Limit Recertification to Subspecialty
Subspecialists should be required to recertify only in their own subspecialty (“Subspecialists Recertifying Only in Own Field,” June 2005, p. 21). Further, I think this should be done through take-home modules that we can complete at our pace.
The idea behind recert is for us to keep our knowledge and practice current. General medicine MDs who do core internal medicine every day say that they feel the test questions are often esoteric and do not have much to do with the actual practice of medicine. And the answers can be different based on who wrote the question, whether they were looking for last year's information (when the test was made) or last month's information (when a new article stated something different), etc.
Most subspecialists practice with some internal medicine that is related. But to ask every subspecialist to keep up with every advancement in every field including their own becomes impossible. Physicians send their patients to us because they think we know more about a certain aspect of medicine than they do. To be a good doctor—general or specialist—one has to have gained a good fundamental knowledge of medicine during medical school and residency. Hence, I feel that the time commitment, stress, and cost of certifying in both internal medicine and a subspecialty do not achieve the goal of making better, more updated physicians.
Also, the physicians who certified many years ago and are still practicing are not asked to recertify in medicine!
Recertification in one's own subspecialty should be done through required CME from subspecialty meetings and realistic test questions that can be completed in an open book/literature search fashion. A sit-down exam in a hall is not what I look forward to when I am 50, 60, or 70!
Fear of Lawsuits Can Cloud Objectivity
I read with great interest Dr. Sidney Goldstein's editorial on implantable cardioverter defibrillators (“Who Should Receive an ICD?” March 2005, p. 2).
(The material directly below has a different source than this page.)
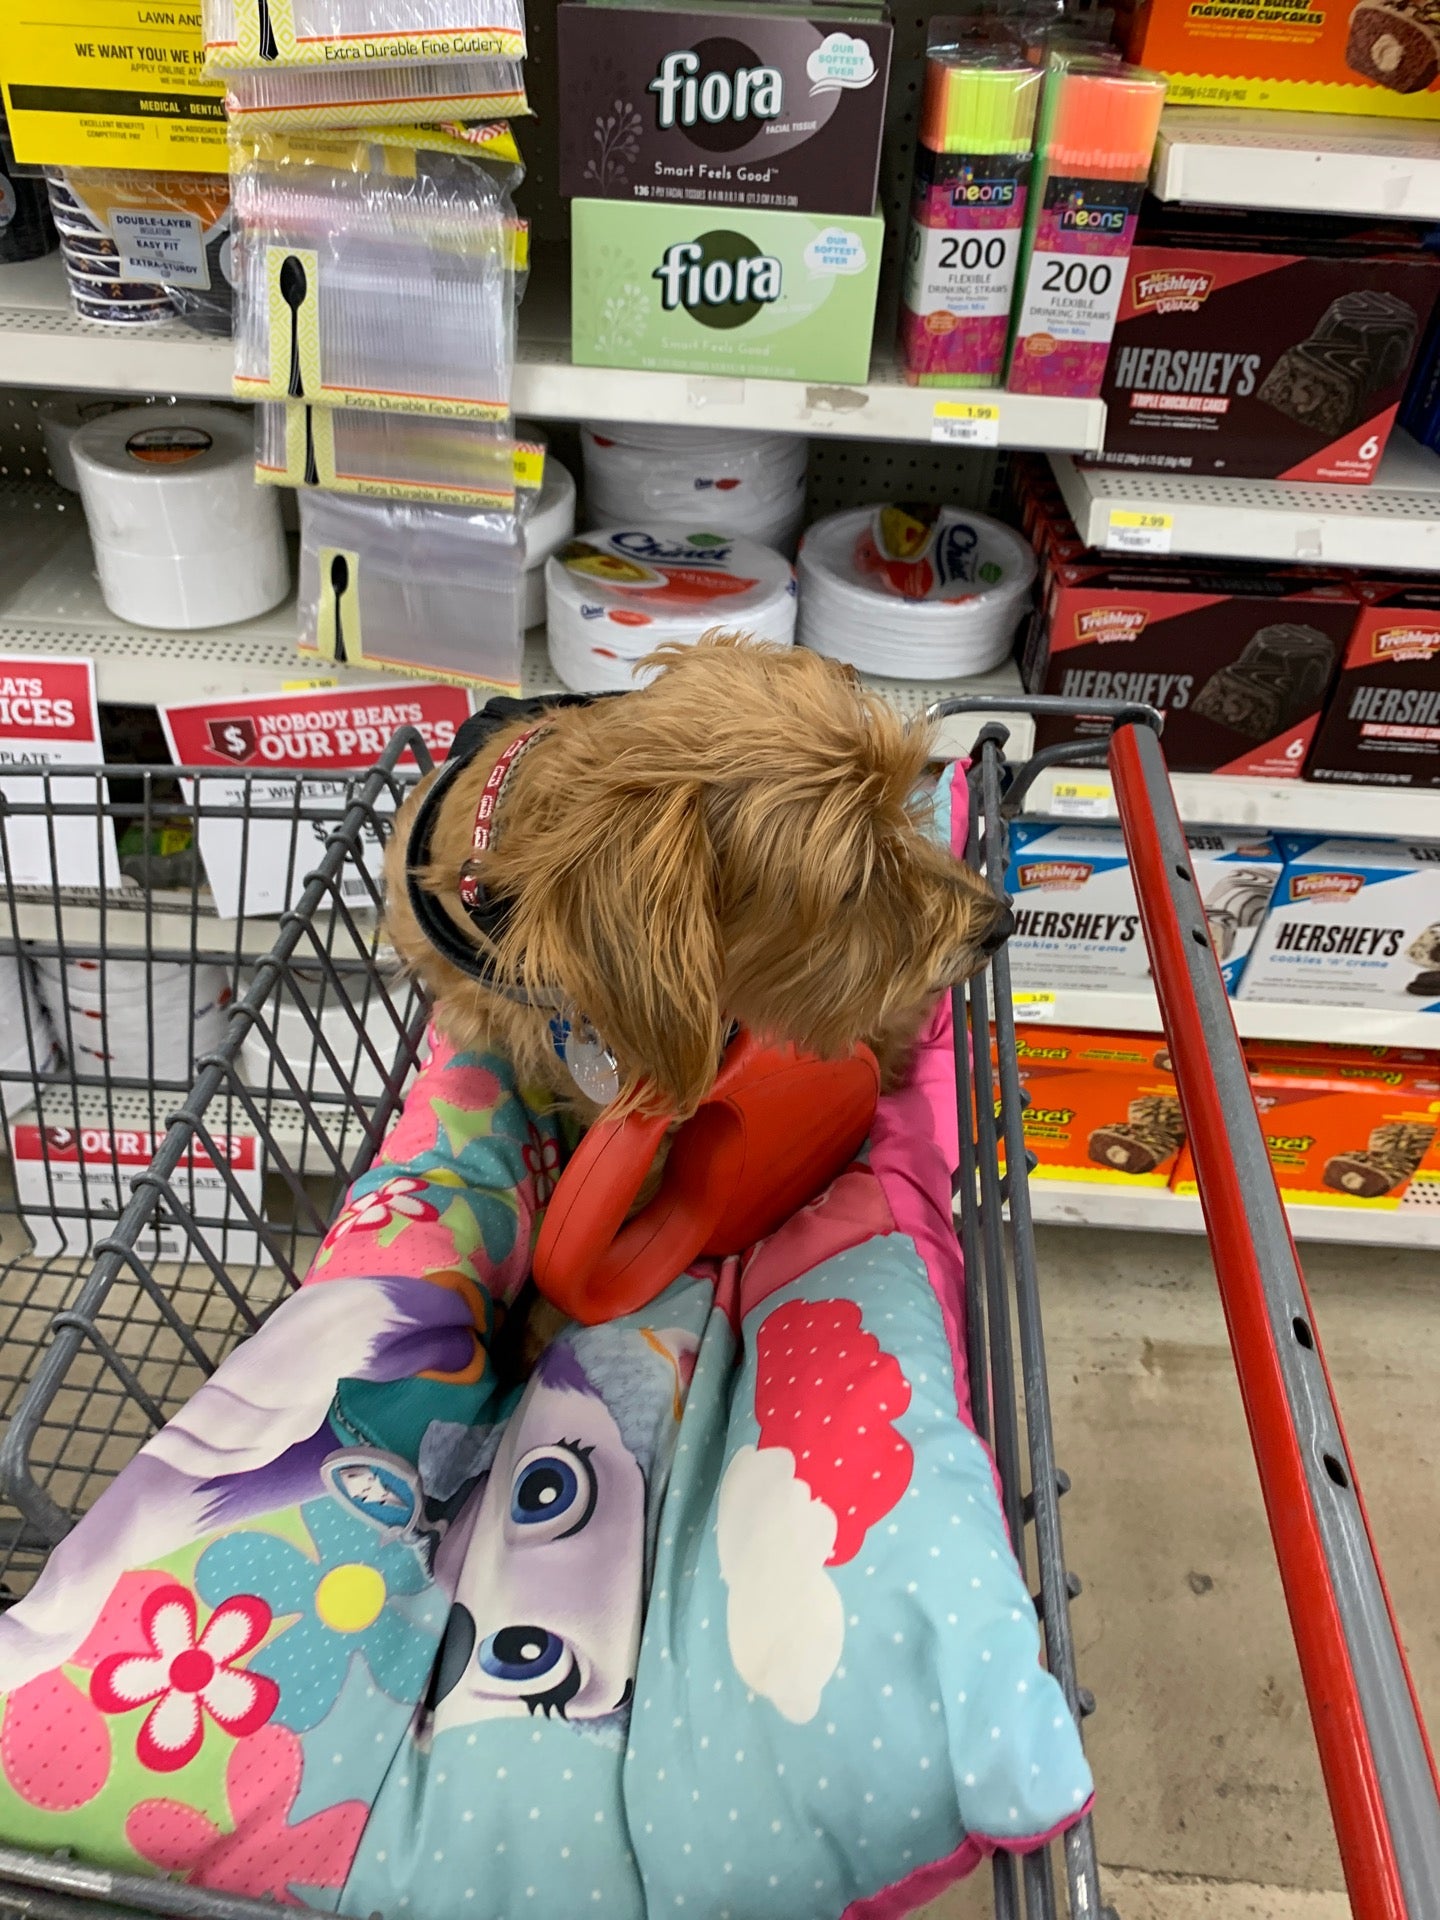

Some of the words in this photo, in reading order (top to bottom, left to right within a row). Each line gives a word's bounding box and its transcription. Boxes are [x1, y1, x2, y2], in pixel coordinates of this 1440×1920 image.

Recently I had a patient who qualified for one. I try to go over the pros, cons, and the indications for the procedure itself. I would have liked to have been fully objective as to my recommendations with respect to this therapeutic intervention. But I could not help but think that I should discuss with the patient the possibility that this might not be a good idea for him; that, God forbid, should the patient die of sudden cardiac death, some distant relative would appear with a malpractice lawyer.
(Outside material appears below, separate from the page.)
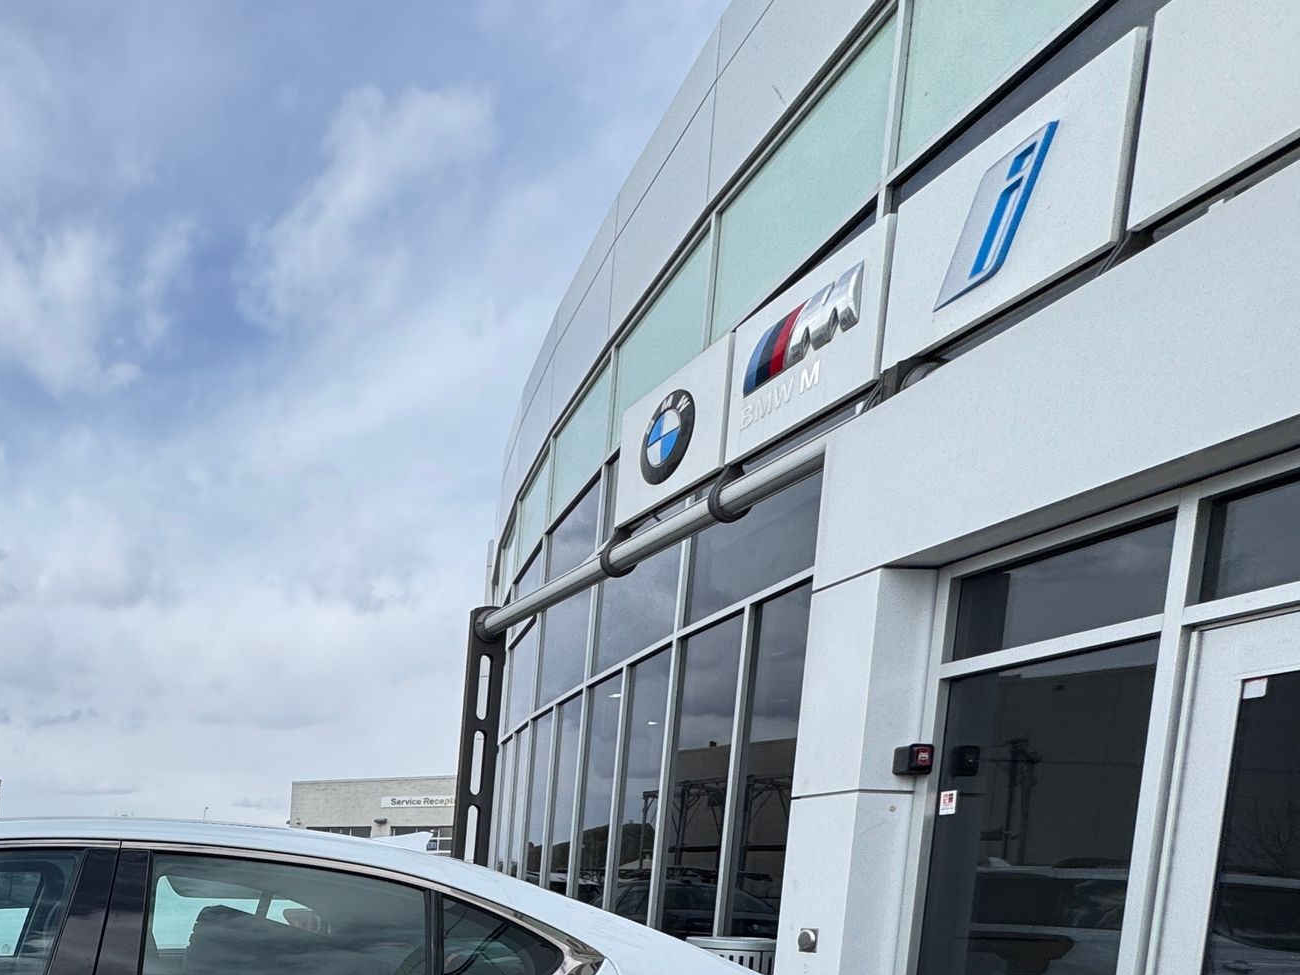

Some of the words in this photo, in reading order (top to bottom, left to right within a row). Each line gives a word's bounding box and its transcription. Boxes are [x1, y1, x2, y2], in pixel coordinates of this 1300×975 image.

As much as I do not like to admit this to myself, this fear and concern is playing more and more of a part in the medical decision-making process.
Logic vs. 'Knee-Jerk' Guidelines
I enjoy Dr. Sidney Goldstein's columns, and I especially appreciated his comments about guidelines (“Practice Does Make Perfect,” Heart of the Matter, April 2005, p. 2).
He remains upbeat when certain aspects of the medical profession can look so dismal. In spite of all the hype, so often monitoring the patient is superior to the knee-jerk guidelines that we are compelled to follow. I thank Dr. Goldstein for his unusually logical perspectives on the profession, and even on life.
Data Collection Takes Time
Your article on the development and impending use of clinical performance measures in the ambulatory care setting sent chills down my spine (“Coalition Defines Set of 26 Clinical Care Measures,” June 2005, p. 20).
I don't want to suggest that development of the performance measures is an unworthy goal or that we aren't all interested in improving quality of care—of course, we are. The chilling part is the sad truth about who is going to pay for and expend valuable time on the collection of these data—it's you and I! We can just add this to the rest of the busywork we already spend 50% of our days on (Medicare equipment forms, [Family and Medical Leave Act] papers, disability paperwork, patient drug assistance forms, etc.).